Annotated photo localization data
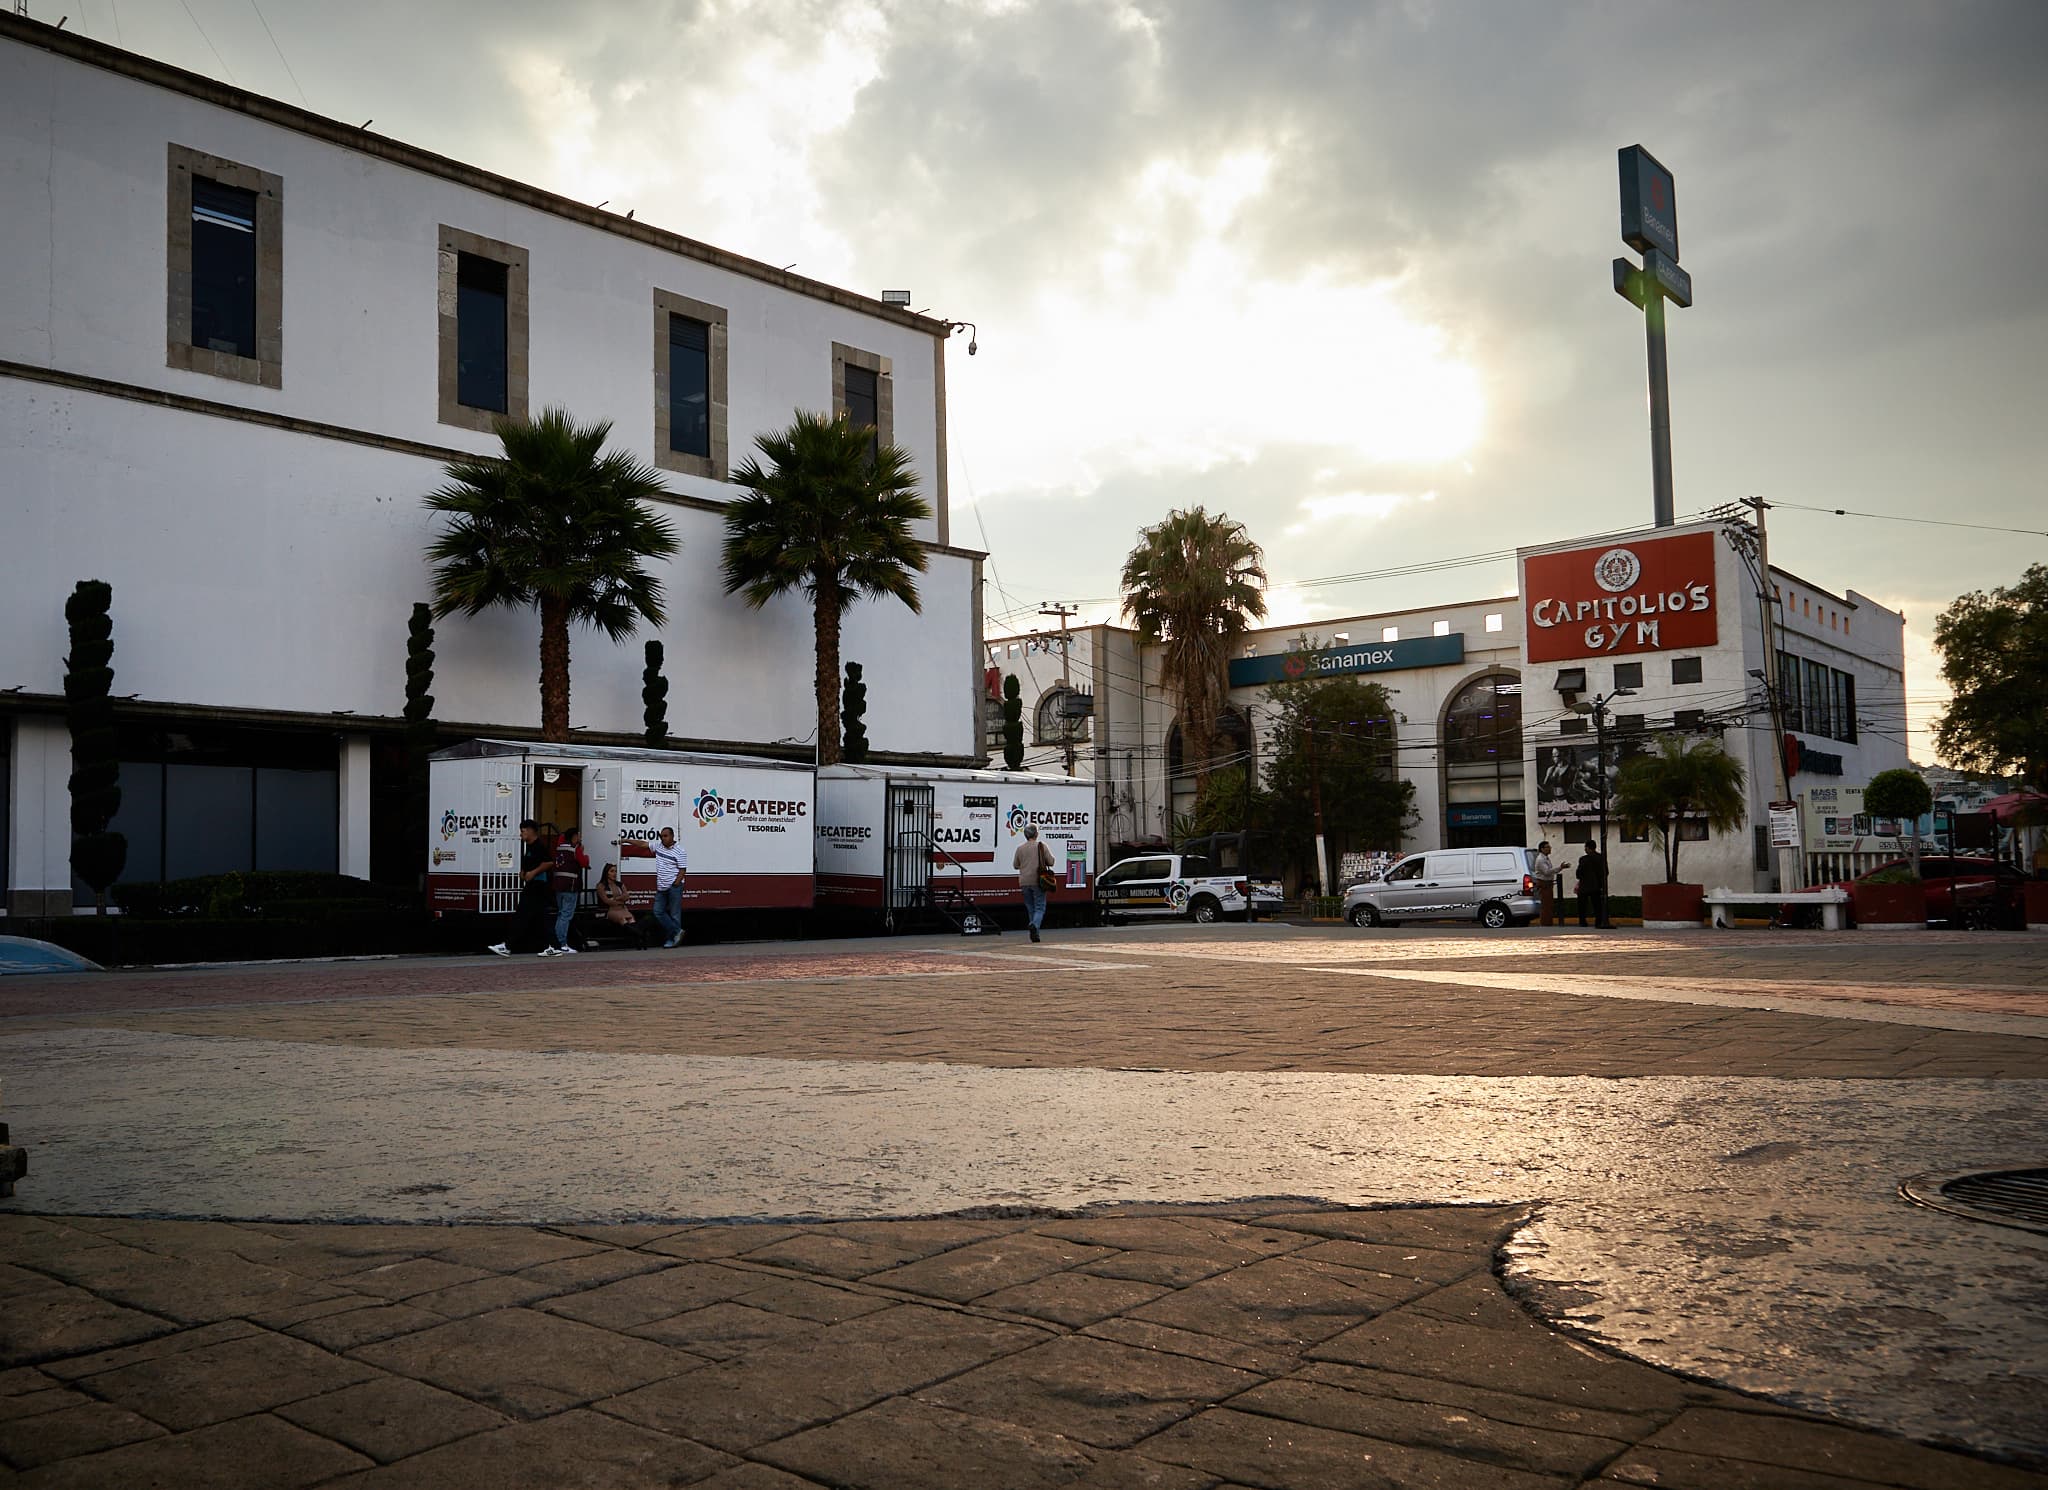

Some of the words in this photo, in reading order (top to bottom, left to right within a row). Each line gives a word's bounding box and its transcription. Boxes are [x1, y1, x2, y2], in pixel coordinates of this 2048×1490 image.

[1584, 620, 1660, 651] GYM
[1309, 650, 1394, 671] Banamex
[1811, 788, 1838, 796] MASS
[726, 798, 807, 817] ECATEPEC
[621, 813, 648, 824] EDIO
[1030, 811, 1089, 825] ECATEPEC
[621, 827, 662, 841] DACIÓN
[747, 824, 786, 833] TESORERÍA
[821, 825, 872, 838] ECATEPEC
[934, 828, 981, 843] CAJAS
[1045, 831, 1074, 840] TESORERÍA
[1098, 888, 1119, 897] POLICÍA
[1130, 888, 1161, 897] MUNICIPAL

## Assignment
One exact copy of the data is required, and it should hold no pictures.

## Answer for this exercise
Some of the words in this photo, in reading order (top to bottom, left to right within a row). Each line gives a word's bounding box and its transcription. Boxes are [x1, y1, x2, y2], in pixel coordinates of this 2048×1490 image.

[1584, 620, 1660, 651] GYM
[1309, 650, 1394, 671] Banamex
[1811, 788, 1838, 796] MASS
[726, 798, 807, 817] ECATEPEC
[621, 813, 648, 824] EDIO
[1030, 811, 1089, 825] ECATEPEC
[621, 827, 662, 841] DACIÓN
[747, 824, 786, 833] TESORERÍA
[821, 825, 872, 838] ECATEPEC
[934, 828, 981, 843] CAJAS
[1045, 831, 1074, 840] TESORERÍA
[1098, 888, 1119, 897] POLICÍA
[1130, 888, 1161, 897] MUNICIPAL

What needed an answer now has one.